Graeber and Wengrow (2021, p 505) reflect on the possibility that we are stuck and unable to imagine or shape new social realities. The greatest poverty we should fear is poverty of our imagination, and many observe an intellectual vacuum when it comes to imaginative alternatives (Cumbers, 2018; Jones and O’Donnell, 2018). This is a chicken and egg conundrum: it is easier to mobilise people if they believe an alternative is possible, but without mobilisation it is difficult to generate alternatives (Meadowcroft, 2007). Alternatives need not be highly developed, nor do they need to be policy blueprints or detailed maps. Our social and political imagination provides direction or compass points, while our institutional or programmatic imagination can articulate the first steps of travel.

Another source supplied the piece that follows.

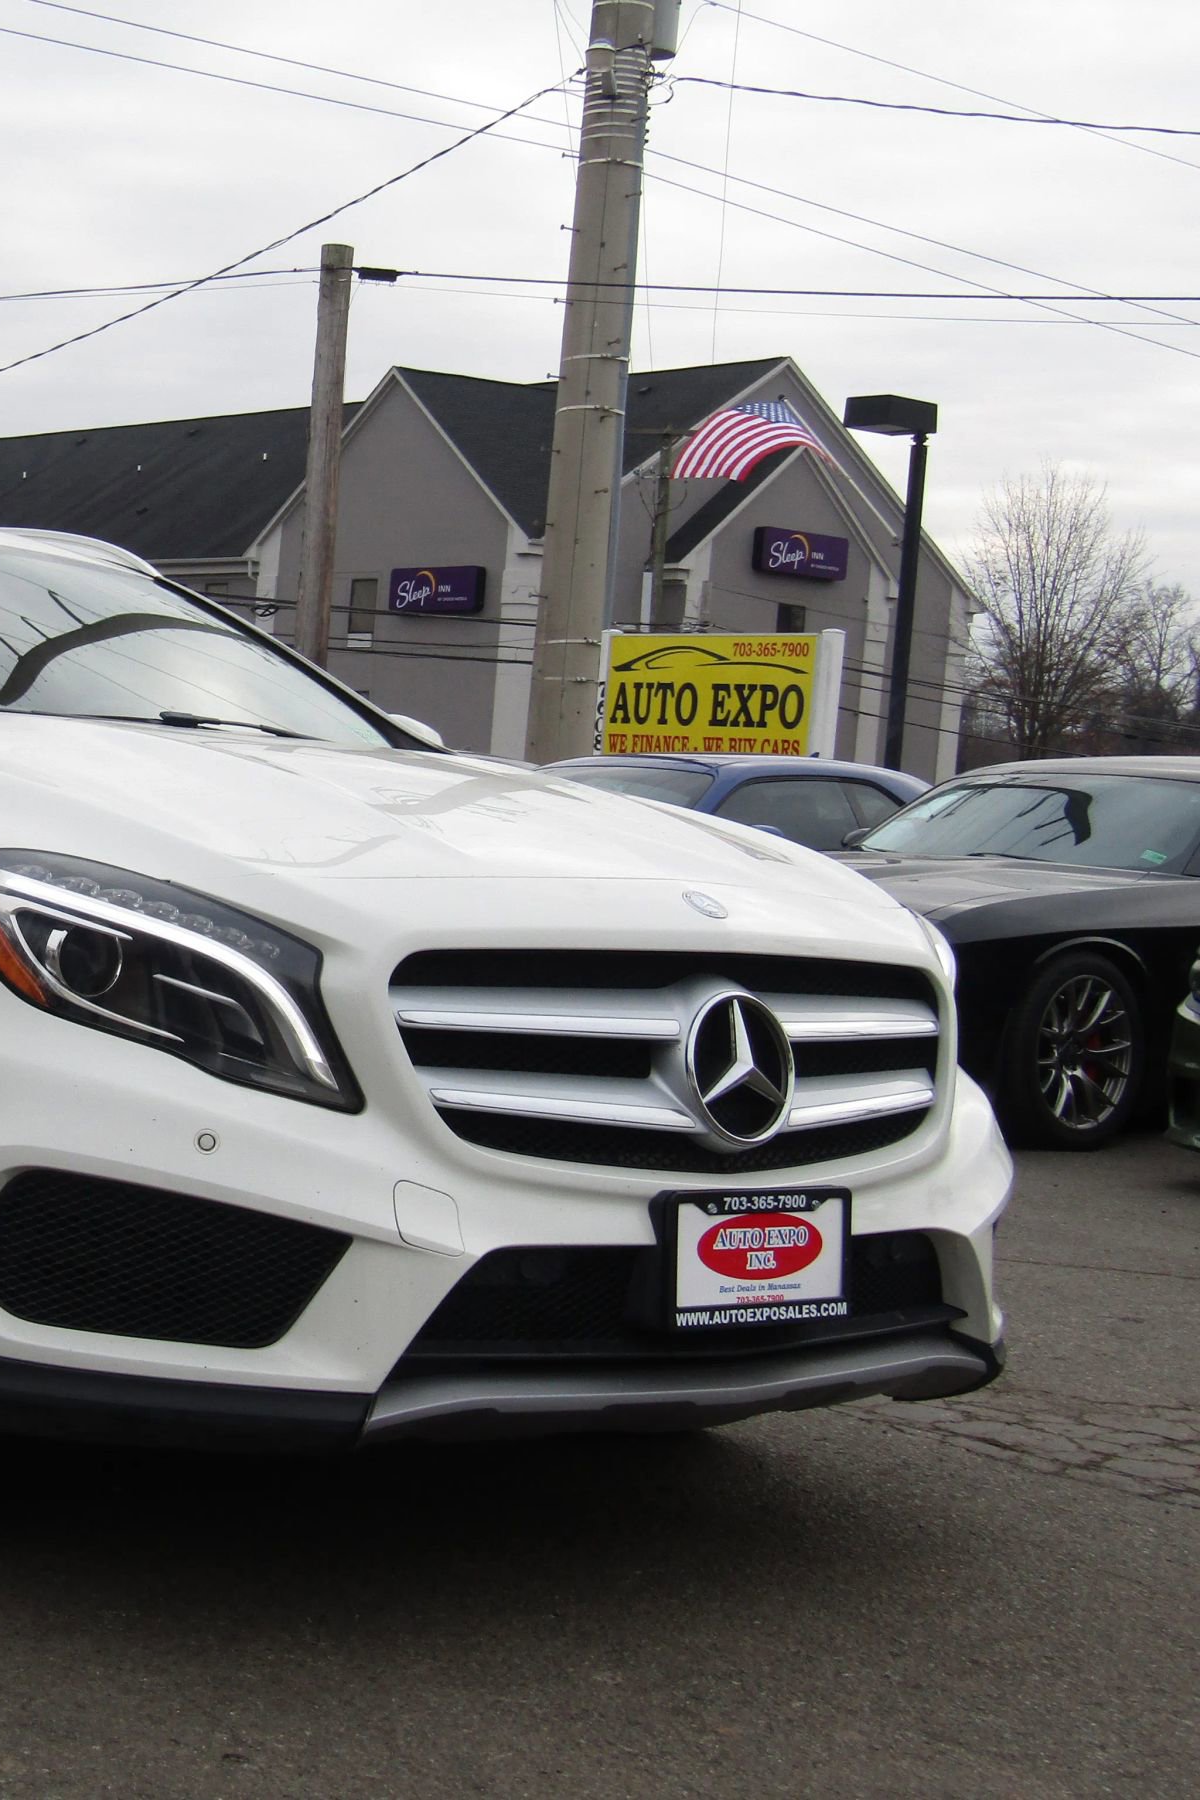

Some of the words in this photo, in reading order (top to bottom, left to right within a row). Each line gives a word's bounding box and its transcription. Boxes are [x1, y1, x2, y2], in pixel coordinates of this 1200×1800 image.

The first section of this chapter argues for policy imagination and for the need to articulate alternatives in the tradition of ‘realist pragmatism’ or ‘real utopias’ and assesses the role of ideas in orienting change during crisis (Wright, 2013; Fitzpatrick, 2014). The second section of the chapter examines the importance of framing alternatives in constructive, offensive rather than defensive, language capable of mobilising a wide range of actors, uniting rather than dividing society and offering hope in being ‘for’ rather than ‘against’. This underscores the importance of who articulates alternatives and draws attention to the ‘vocabularies of our imagination’ (Massey, 2013). The Irish section reviews examples of framing transformative ideas in recent constitutional referendums that led to a level of transformation many middle-aged feminist activists (like me) could only dream would happen in their lifetime.

Imagination and ideas

Imagining how to live together

Many, in exploring the central organising principle of sustainable alternatives, draw on various visual images, myths and parables to demonstrate how ancient wisdoms of sustainable life collectively point towards ‘balance’ as a core principle or value (Green, 2016; Raworth, 2017; Leicester, 2020; Jackson, 2021). This orientation inspired the visual motif of this book, a symmetrical spider's web holding together and joining the dots between the book's themes.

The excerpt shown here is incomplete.